* ACTIVITY: A faithful copy of every entry, with the pictures removed, is what is needed here.
___ PROVIDED DATA ___
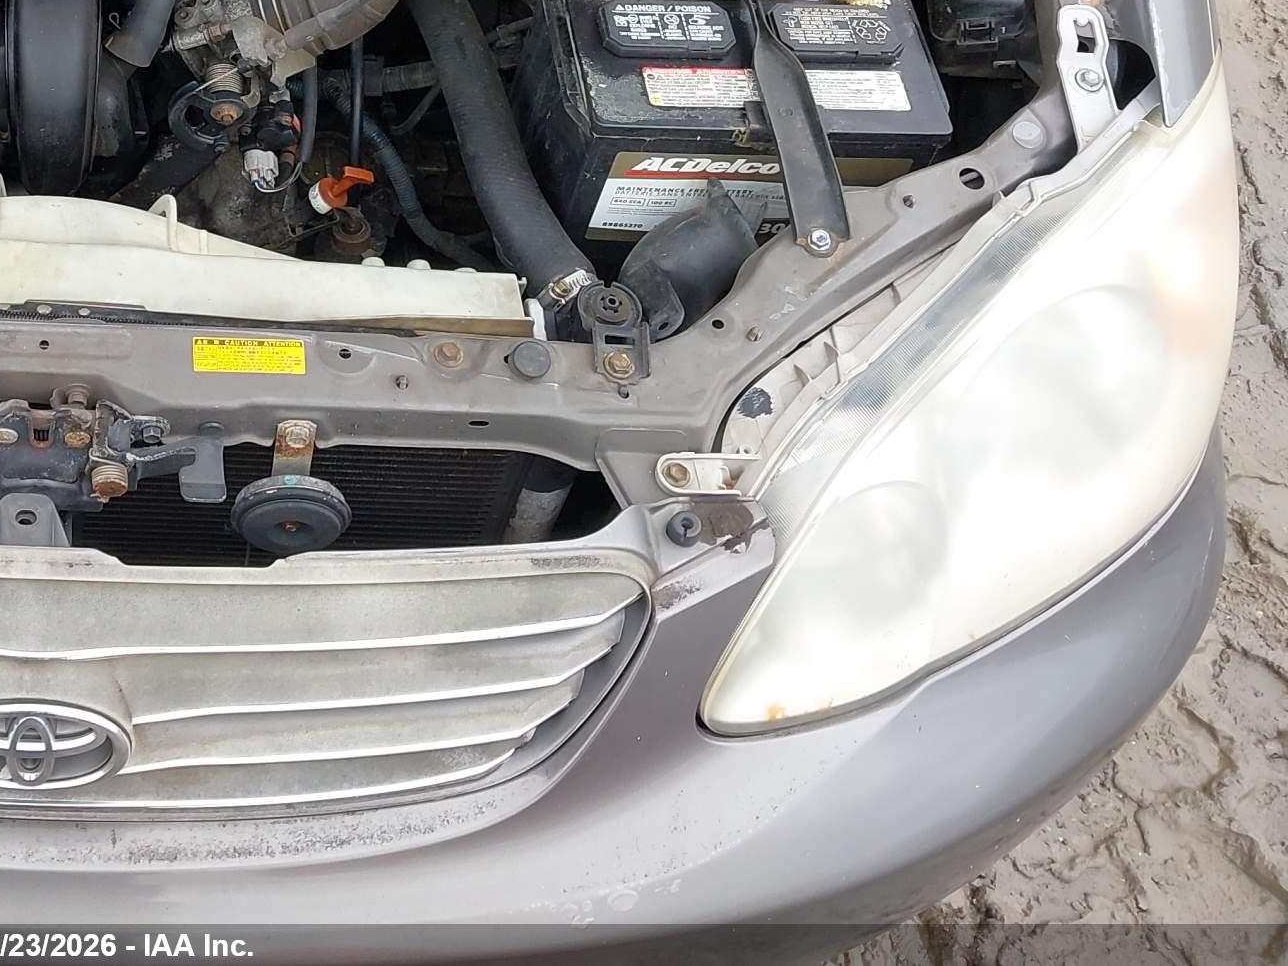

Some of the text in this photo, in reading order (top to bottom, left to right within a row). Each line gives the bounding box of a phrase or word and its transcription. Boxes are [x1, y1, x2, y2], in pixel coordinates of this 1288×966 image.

[624, 4, 665, 12] DANGER
[675, 5, 712, 13] POISON
[631, 157, 781, 174] ACDelco
[616, 185, 685, 195] MAINTENANCE
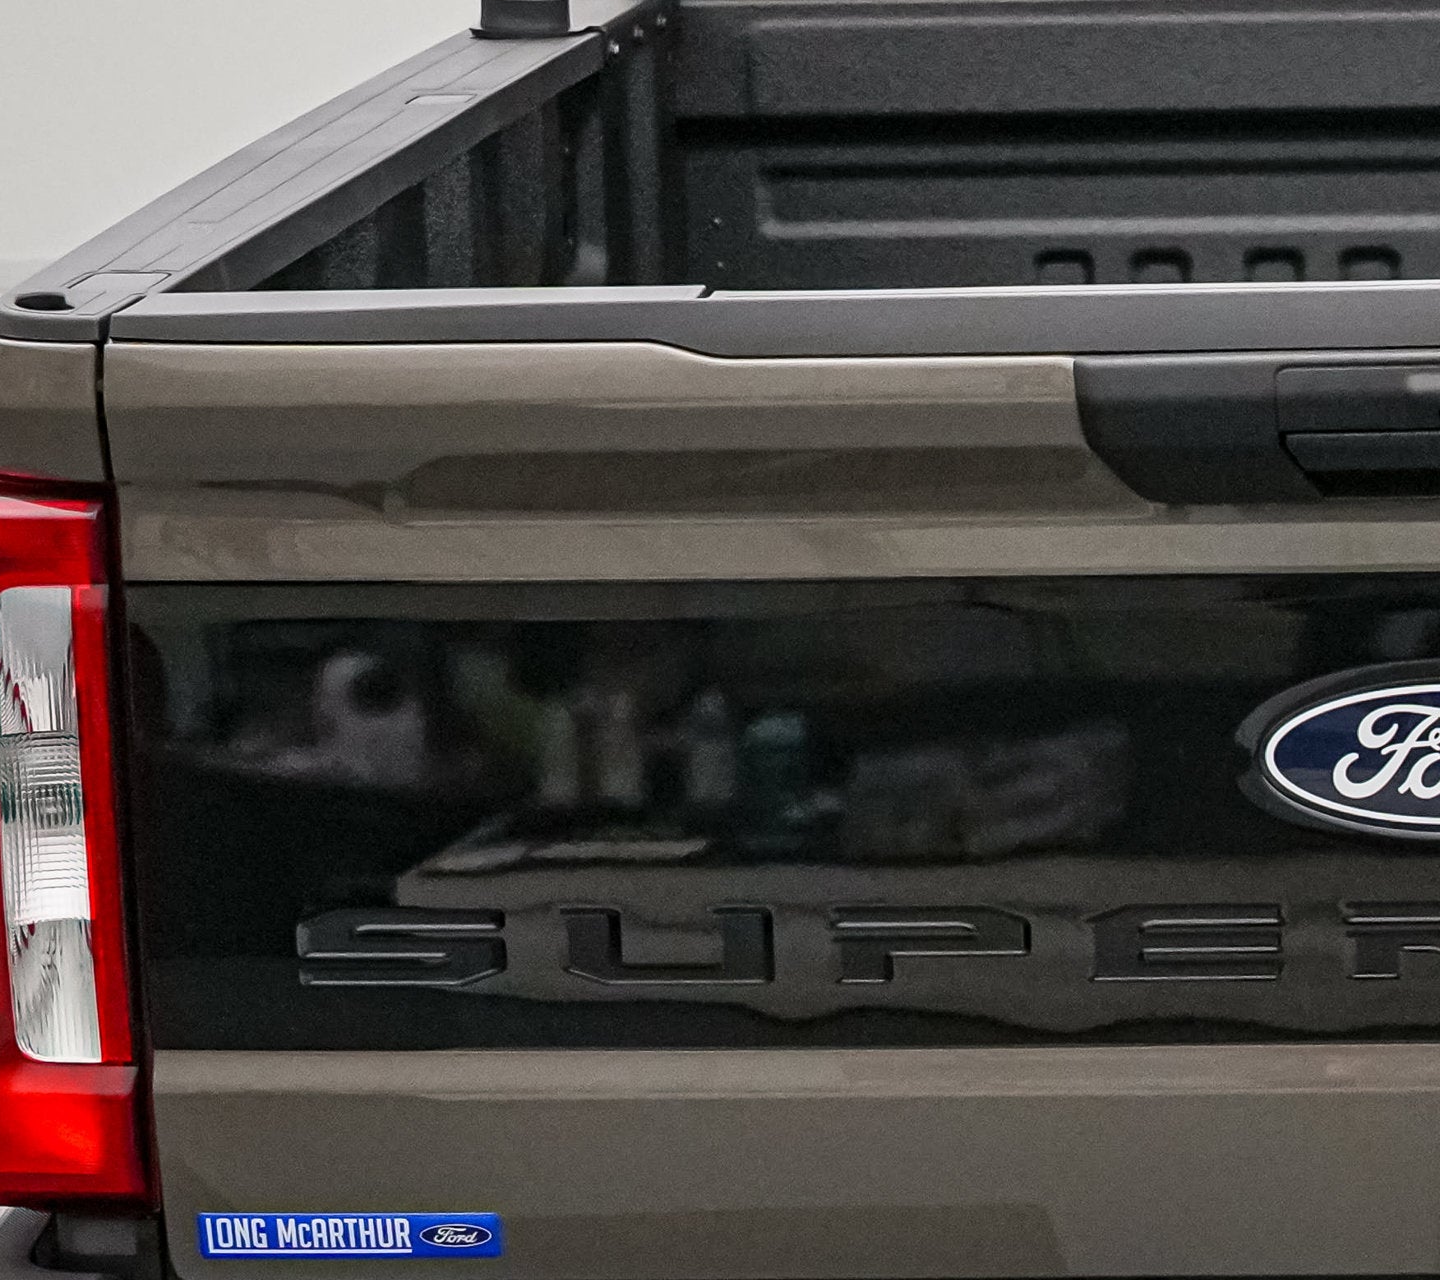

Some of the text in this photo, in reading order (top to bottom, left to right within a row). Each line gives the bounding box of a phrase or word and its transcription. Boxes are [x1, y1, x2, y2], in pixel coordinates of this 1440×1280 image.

[205, 1217, 412, 1253] LONG McARTHUR
[433, 1227, 478, 1245] Ford
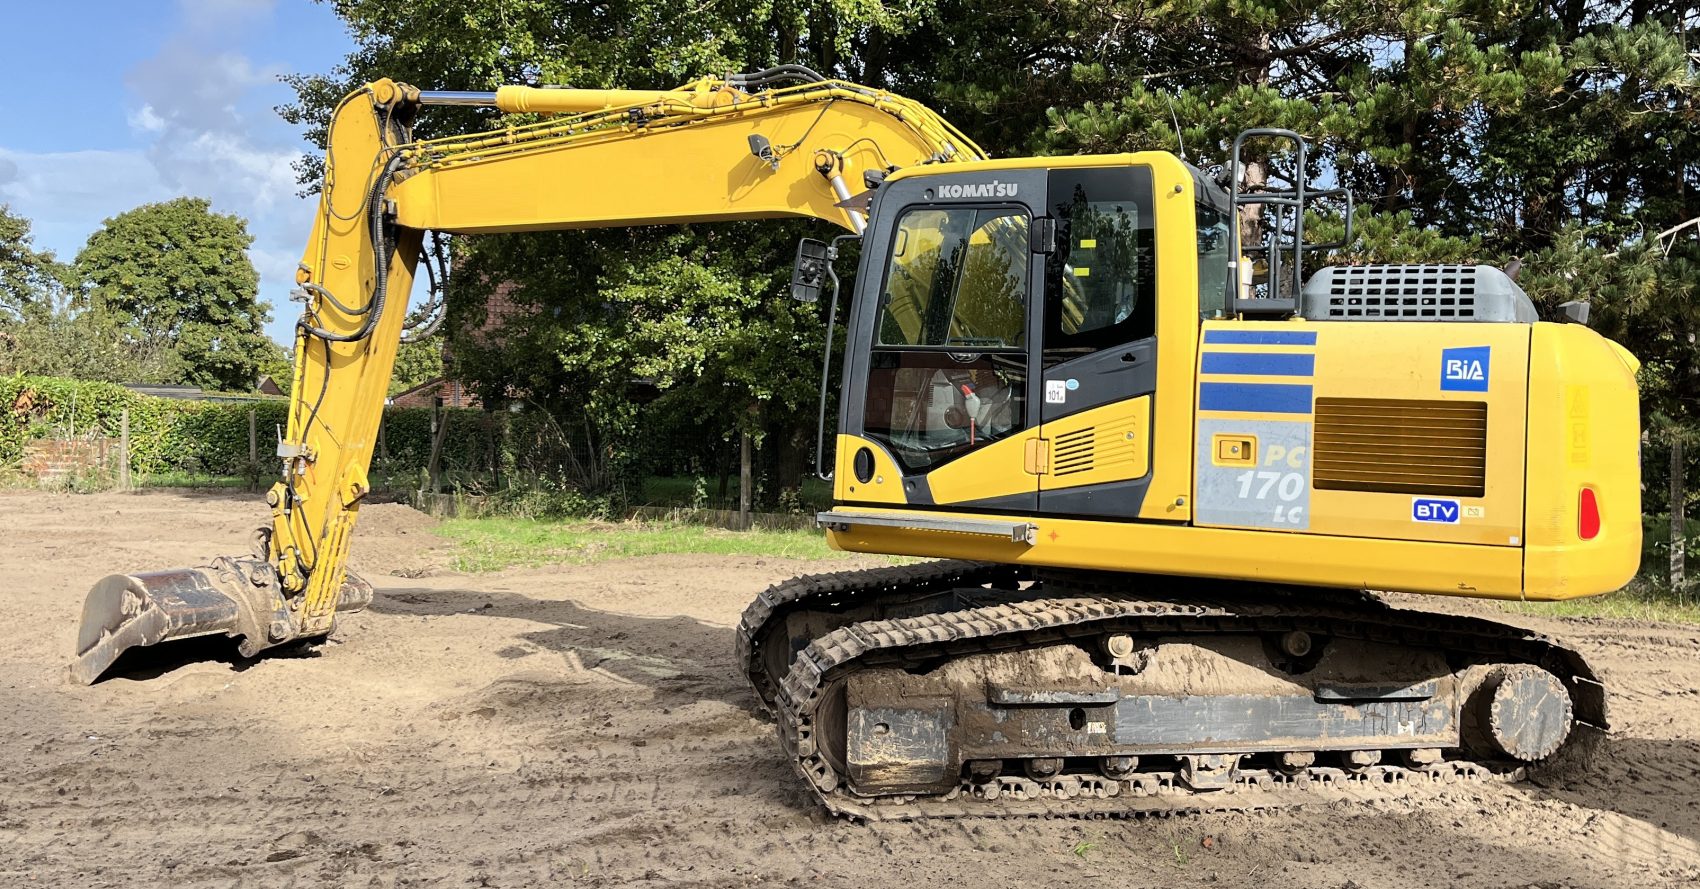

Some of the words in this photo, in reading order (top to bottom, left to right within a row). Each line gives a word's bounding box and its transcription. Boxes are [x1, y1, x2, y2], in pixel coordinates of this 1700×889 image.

[938, 180, 1018, 198] KOMATSU
[1048, 390, 1060, 401] 101
[1264, 444, 1306, 468] PC
[1236, 470, 1305, 502] 170
[1272, 504, 1303, 524] LC
___
* YOUR SOLUTION:
Some of the text in this photo, in reading order (top to bottom, left to right within a row). Each line gives the bounding box of a phrase or word and its transcription. Boxes are [x1, y1, x2, y2], in pixel coordinates of this 1288×966 image.

[624, 4, 665, 12] DANGER
[675, 5, 712, 13] POISON
[631, 157, 781, 174] ACDelco
[616, 185, 685, 195] MAINTENANCE

Some of the text in this photo, in reading order (top to bottom, left to right within a row). Each line gives the bounding box of a phrase or word and its transcription. Boxes are [x1, y1, x2, y2], in pixel coordinates of this 1440×1280 image.

[205, 1217, 412, 1253] LONG McARTHUR
[433, 1227, 478, 1245] Ford

Some of the words in this photo, in reading order (top to bottom, left to right within a row). Each line gives a word's bounding box and its transcription. Boxes are [x1, y1, x2, y2], in pixel coordinates of this 1700×889 image.

[938, 180, 1018, 198] KOMATSU
[1048, 390, 1060, 401] 101
[1264, 444, 1306, 468] PC
[1236, 470, 1305, 502] 170
[1272, 504, 1303, 524] LC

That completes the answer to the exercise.